** AIM OF THE TASK **
Images in the records should be skipped while the rest is transcribed verbatim.

** RECORDS FOR THIS EXERCISE **
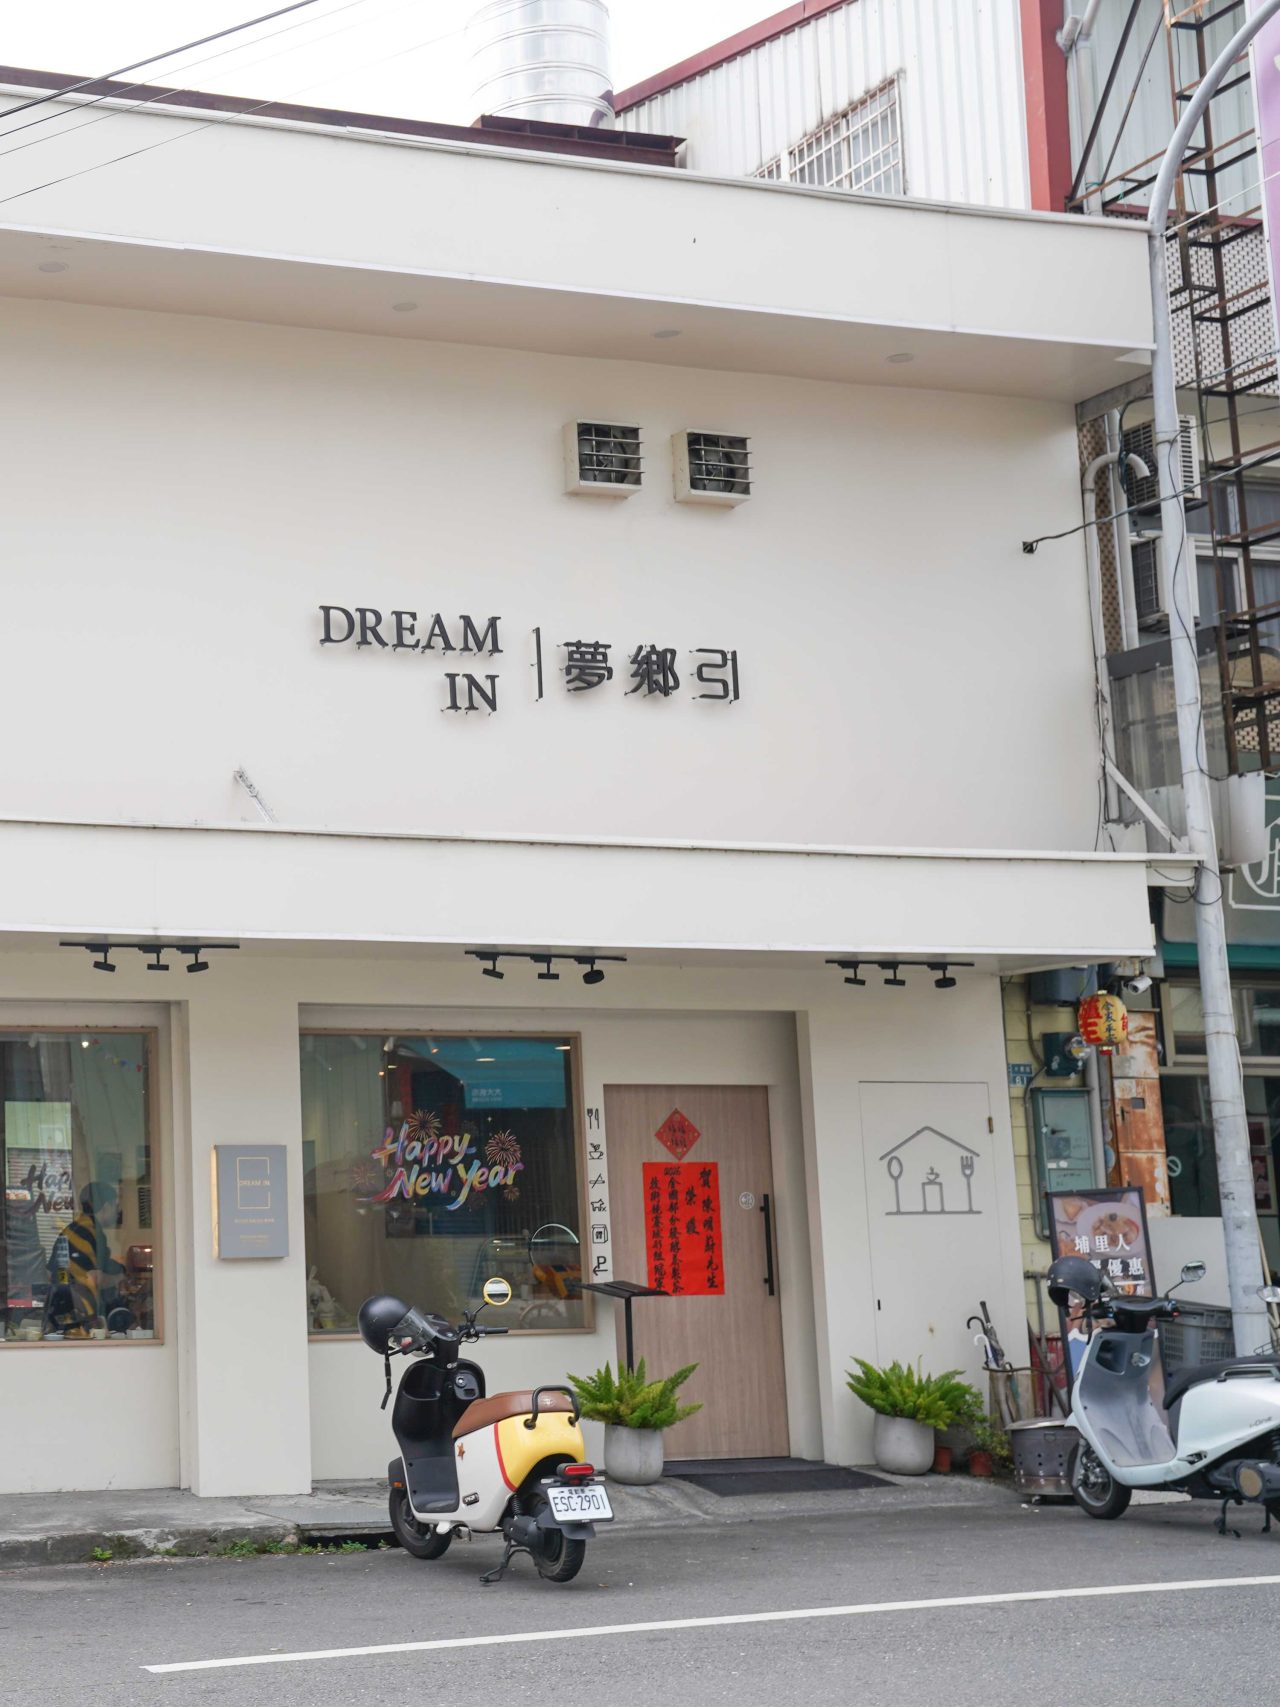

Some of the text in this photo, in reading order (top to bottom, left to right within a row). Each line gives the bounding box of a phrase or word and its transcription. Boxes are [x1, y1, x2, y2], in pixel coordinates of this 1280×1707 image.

[319, 605, 504, 655] DREAM
[442, 673, 500, 714] IN
[563, 640, 740, 702] 夢鄉引
[371, 1120, 477, 1167] Happy
[356, 1159, 525, 1211] New Year
[1074, 1234, 1131, 1253] 埔里人

** TASK OUTPUT **
Some of the text in this photo, in reading order (top to bottom, left to right within a row). Each line gives the bounding box of a phrase or word and its transcription. Boxes are [x1, y1, x2, y2], in pixel coordinates of this 1280×1707 image.

[319, 605, 504, 655] DREAM
[442, 673, 500, 714] IN
[563, 640, 740, 702] 夢鄉引
[371, 1120, 477, 1167] Happy
[356, 1159, 525, 1211] New Year
[1074, 1234, 1131, 1253] 埔里人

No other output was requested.